It is no coincidence that, on the one hand, the “Germany of the Councils,” and, on the other, the Germany of the avant-garde urban experiments, are now the subject of renewed attention. Nor is it a coincidence that where the connections between the political level of intervention and disciplinary research in architecture or urbanism are critically set, the primary meaning of that same connection is blurred or made largely equivocal. Indeed, today it is truly difficult to disregard—in the analysis of German social democracy in its “classical” aspect—the acute interpretations recently offered by Mario Tronti in his “Postscript of Problems” to the new edition of Workers and Capital: “György Lukàcs brought to light,” he writes, “the essence of the ‘social-democratic tactic’: given that the revolution still remained distant and its true preconditions did not yet exist, the proletarian must make compromises with the bourgeoisie. […] ‘The more the subjective and objective preconditions of social revolution are present, the more “purely” will the proletariat be able to fulfill its class aims. So the reverse of practical compromise is often great radicalism – absolute “purity” in principle in relation to the “ultimate goal”. This is the true, classical, historical social democracy [...]. It remains a fact that, from the very beginning, the contact between working-class struggle and the social-democratic party was so direct, the relation so close, as to deny even the mediation of the trade-union level. Trade unionism was altogether absent from the German working-class tradition”.

But to understand the historical phenomena that followed the “November Revolution” and that saw the fall of that “organizational solution,” based on the welding of a “daily practice of Menshevik activities and an ideology of pure subversive principles,” one must consider the other side of the coin revealed by Tronti. That is, to put the emphasis on that “intellectual mediocrity, an approximative approach to science and a theoretical poverty, which could only produce failure: that scholastic treatment of Marxist truth, which, ever since Lenin, we have had to waste time combatting.”

In the face of the renewal and growth of the science of capital, neither the social democracy subsequent to the “classical” moment of the Sozialdemokratische Partei Deutschlands (SPD), which was by then fully immersed in the trade-unionist horizon, nor the rise of the Spartacist opposition, of the Kommunistische Partei Deutschlands (KPD) or the Unabhängige Sozialdemokratische Partei Deutschlands (USPD), could and did respond with adequate tools to the organizational premises of "historical" social democracy. On the one hand, the new and ruthless capitalist science, the avalutativeness of someone like Max Weber, and the counter-cyclical techniques of someone like John Maynard Keynes can be found; while, on the other, the constant appeal to optimistic visions of history and its gradual ascent toward a "workers'" horizon, or to "ethical" struggles, at best, unaware of their place in the overall economic cycle, also appear.

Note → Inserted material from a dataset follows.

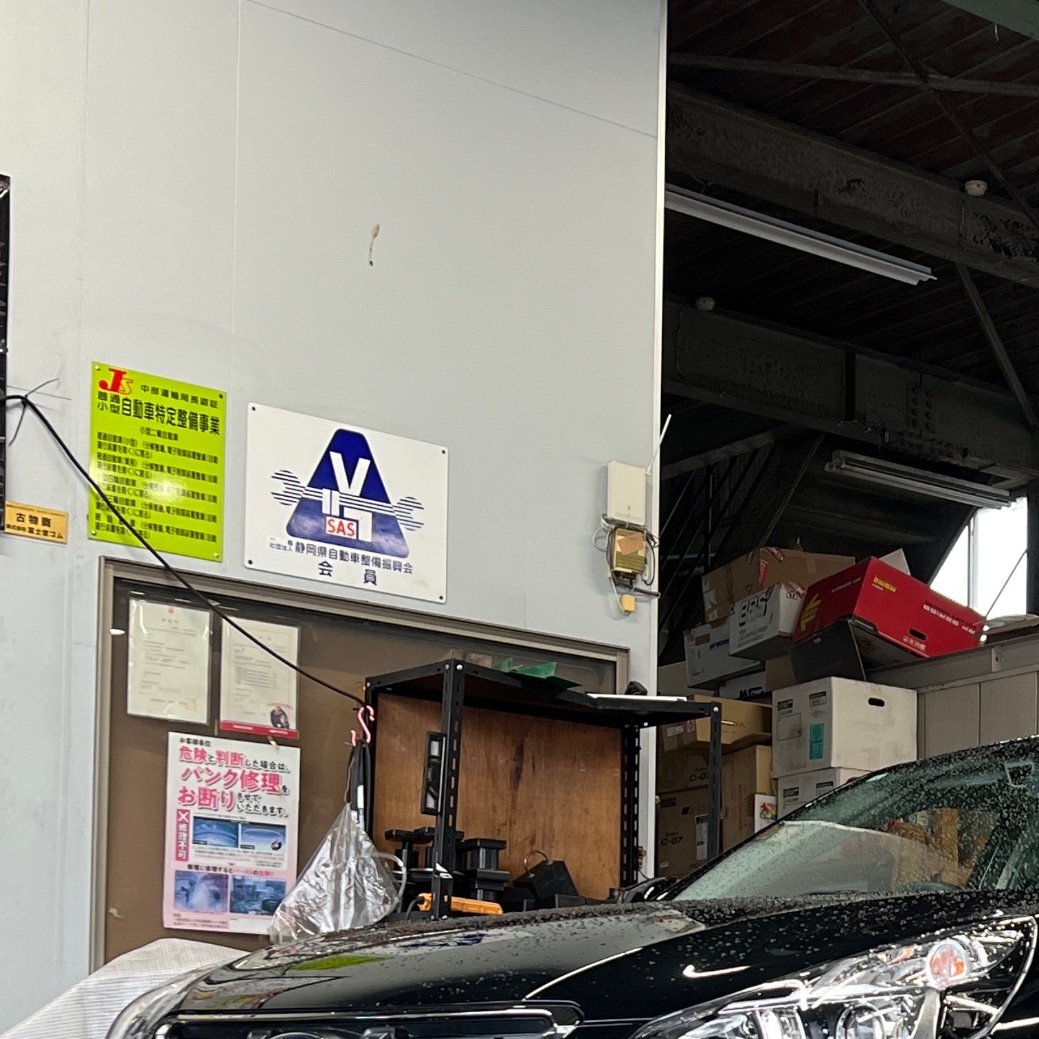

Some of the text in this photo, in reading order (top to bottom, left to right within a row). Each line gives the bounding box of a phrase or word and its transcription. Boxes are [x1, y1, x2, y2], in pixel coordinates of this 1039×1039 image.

The already paradoxical phenomenon in this sense is the “social” policy of the social democratic municipalities from 1924 onward, which does nothing else but follow the example of the tactics of German large capital. The billions that flowed into Germany due to the Dawes Plan after 1924, certainly enhanced a technologically advanced industrial system with a high organic composition of capital, but caused, at the same time, a considerable tightening of industrial cartels, an artificial swelling of both prices and the domestic market, as well as a convulsive system of exports. Thus, on the one hand, one finds a perfect customs policy, aimed at stabilizing domestic prices at the highest level; while on the other hand, one finds also a policy of public expenditures blatantly implemented to contain workers' pressure on the labor market and to suppress the class clash, which was looming increasingly dangerously beyond the official policies of the workers' parties.

To not closely tie the Social Democratic administration of Germany's municipalities between 1924 and 1933 to such a two-pronged attack on working-class movements means to cut off any possibility of an effective understanding of the real structure of the operations of urban policy, extolled by bourgeois critics as models—even if imperfect in their disciplinary instrumentation—of a “heroic” moment of architecture and of the city of the Modern Movement.

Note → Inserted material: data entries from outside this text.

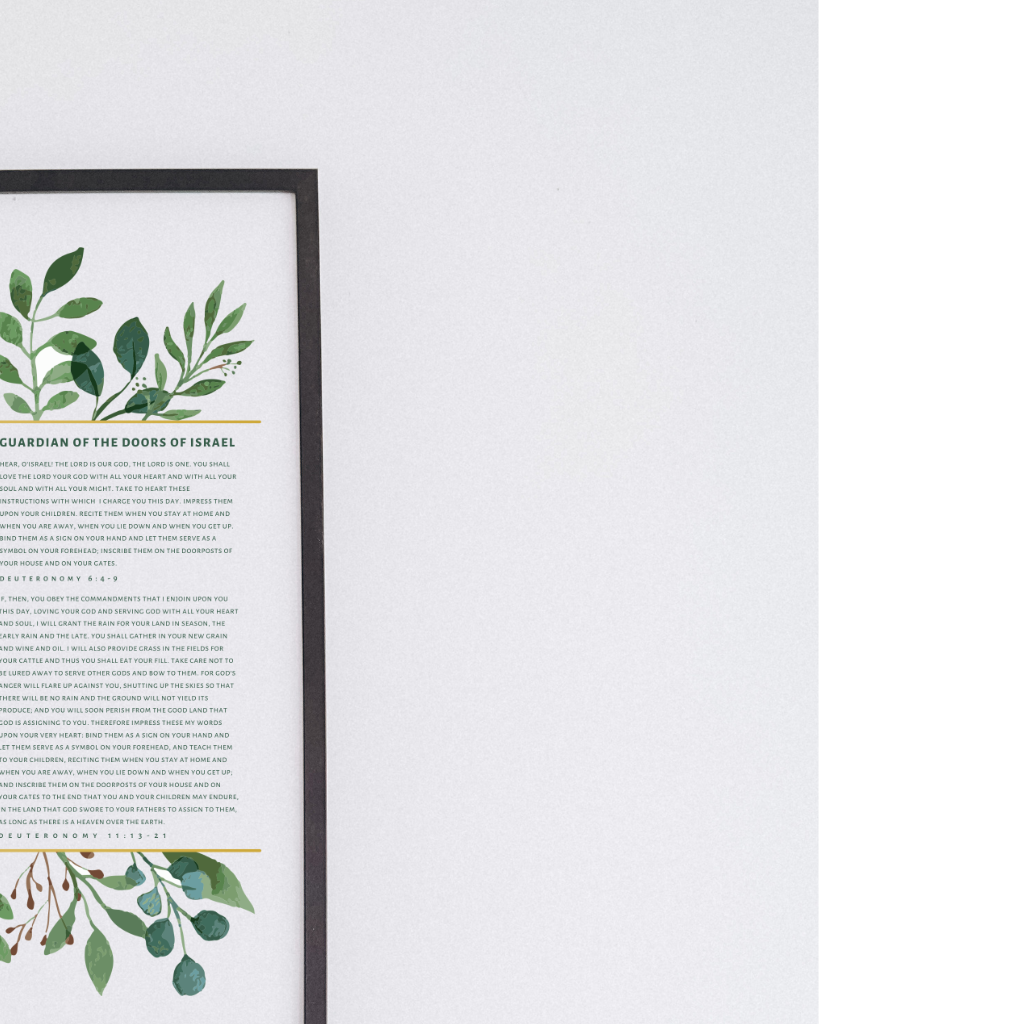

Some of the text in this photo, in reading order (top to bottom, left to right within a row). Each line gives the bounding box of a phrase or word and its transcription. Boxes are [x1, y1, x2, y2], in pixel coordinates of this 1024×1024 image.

[72, 438, 89, 448] OF
[92, 438, 118, 448] THE
[121, 438, 166, 448] DOORS
[170, 438, 186, 448] OF
[190, 438, 236, 448] ISRAEL

The most complete policy failure of the official workers’ movements, suffered by the working class in 1919, after the Kapp Putsch and the dissolution of the governments of the councils of Saxony and Thuringia, in the first months of stabilization, is compensated for by a participation of the workers’ organizations themselves in the mad rush to inflate public expenditure. And for that matter, the fearful fluctuation of the unemployment reserve army—700,000 unemployed workers in 1924, 195,000 in 1925, 650,000 in 1928—demonstrated the specific ineffectiveness of such measures.

What needs to be emphasized, however, is the inextricable connection between the precise capitalist desire to shift its rush towards profit maximization, from the benefits gained during the inflationary period, the more stringent customs and international cartel tactics, and the public spending policy pursued by the local authorities. The attack on the indiscriminate spending policy launched by Reichsbank President Hjalmar Schacht undoubtedly bore a blatantly right-wing slant, aimed at impeaching social-democratic municipalities. However, it is indisputable that the social expenditures made by those municipalities were within the framework of a pure and romantic anti-capitalism current, based on the claim that they could ignore—at the time in which they were a decisive part of it—the laws of capitalist accumulation. “After 1924,” wrote Arthur Rosenberg, “the [German] officials lost all sense of the value of money, and seemed to believe that money would always be available at any time and in the quantity that was needed for any particular purpose”; while Chancellor Gustav Stresemann was expressing to Burgomaster Dr. Karl Jarres in 1927, on the same note, his concerns about the inconsistency between the disproportionate social spending of the municipalities of Berlin, Cologne and Frankfurt and their foreign policy consequences.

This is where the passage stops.